ふらつきながら歩き、ここから近いコンビニへと向かう。
「 酒を買い漁り過ぎて…ネットでもブラックリストに載ってますからね 」
「 直接買いに行かせて、門前払いされるといいですよ 」
毎日浴びるように飲んで、常に酔ってるような感覚だから、どっちがコンビニなのか分からないまま歩く。

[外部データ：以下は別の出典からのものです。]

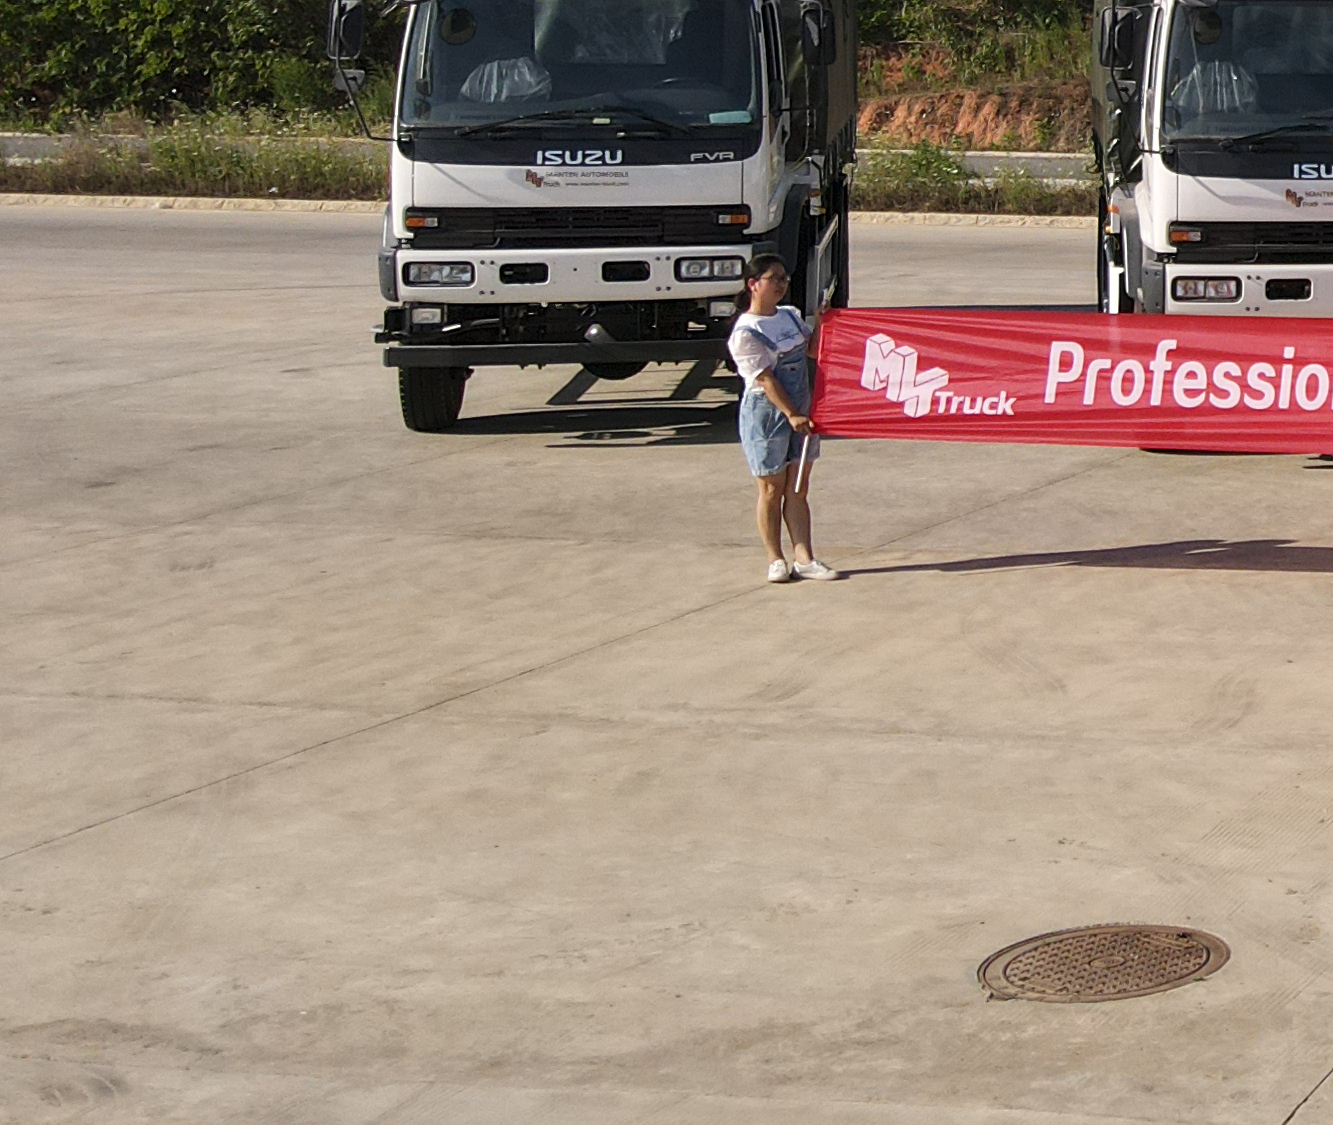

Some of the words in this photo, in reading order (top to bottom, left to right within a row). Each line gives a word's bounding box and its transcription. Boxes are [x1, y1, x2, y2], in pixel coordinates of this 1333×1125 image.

[536, 149, 623, 165] ISUZU
[690, 151, 735, 162] FVR
[935, 390, 1017, 416] Truck

「 クソ、ロボット…。テメェ等に…感情なんてもんがないから…。ラナが、死んでも…なんとも思わないんだろ… 」
想羅のやつなんて…、
あんなに可愛がってたはずなのに…。
゙ネコだから弱かったんでしょうね゙
ぐらいの言葉で終わったからな。
ネコではなくとも腹を撃たれたら、死ぬだろう。
俺はラナが居たことで軌道が少しズレて、横腹だったが、
其れでも内臓がグチャグチャだった。
最新の医療技術が無ければ、死んでいても可笑しく無かったのだから…
小さな猫が…銃に撃たれて無事なはずがない。
「 ミャァー…ミヤァー 」
「( ラナみたいな声だな…。考え過ぎて幻聴聞こえるなんて… )」
「 ミャァー!ミャァー!シャァー!! 」
「 ヴォンッ!ヴォンッ!! 」
「 あ? 」
幻聴では無い程にハッキリと聞こえ始め、左右を見渡せば、大きな木の下で飼い犬が上に向かって吠えてるのを見て、眉を寄せれば…
こちらに気付いた飼い主が紐を引っ張った。
「 ジュンちゃん、行くわよ!! 」
「 ヴォンッ!ヴォンッ! 」
「 躾のなってねぇ犬だな…。てか……猫? 」
野良猫なんてこの世にいない居ないはず。
ロボットか、それとも飼い猫が逃げ出したのか…。
どっちにしろ、猫がいるのだろうかと大木の傍に近付き、上を見上げ、角度を変えていれば見えた。
「 あ、居た……。っ…… 」
「 ミヤァッー…ミヤァー! 」
薄汚れやせ細った、まだ小さい猫は下りられなくなってるのか、良く鳴く。
「 やばい、上見過ぎて…気分わりぃ…。猫、降りてこい…。御前なら…ジャンプできるだろ?ほら……( この時代に…捨て猫か? )」
希に飼いきれないと捨てる者はいる。
けれど、直ぐに捕まっては保健所に連れて行かれるのだから、居ないみたいなもの。
使われなくなった玩具のように処分される前に、誰か里親でも探してやろう…。
「 シャーー! 」
「 なんで、助けようとする俺に威嚇するんだ…。ったく……そこで待ってろよ 」
この歳で、運動すらしてなかった俺が上れるかわからないが、あの猫の様子からして動く気は無いだろうなと思い、木をよじ登る。
「 はぁ、くそ、油断すると吐きそうだ… 」
猫を救うのが先か、ゲロるのが先か…。
その境目を考えながら、なんとか上まで上がれば、右手を伸ばす。
「 ほら、来い……。俺は何もしない…( 虐待されてるな… )」
「 シャー!!シャーー!! 」
傷だらけの身体に、子猫に酷いやつもいるもんだな…と思っていれば、猫は手を伸ばした俺の手の甲へと容赦無く引っ掻いてきた。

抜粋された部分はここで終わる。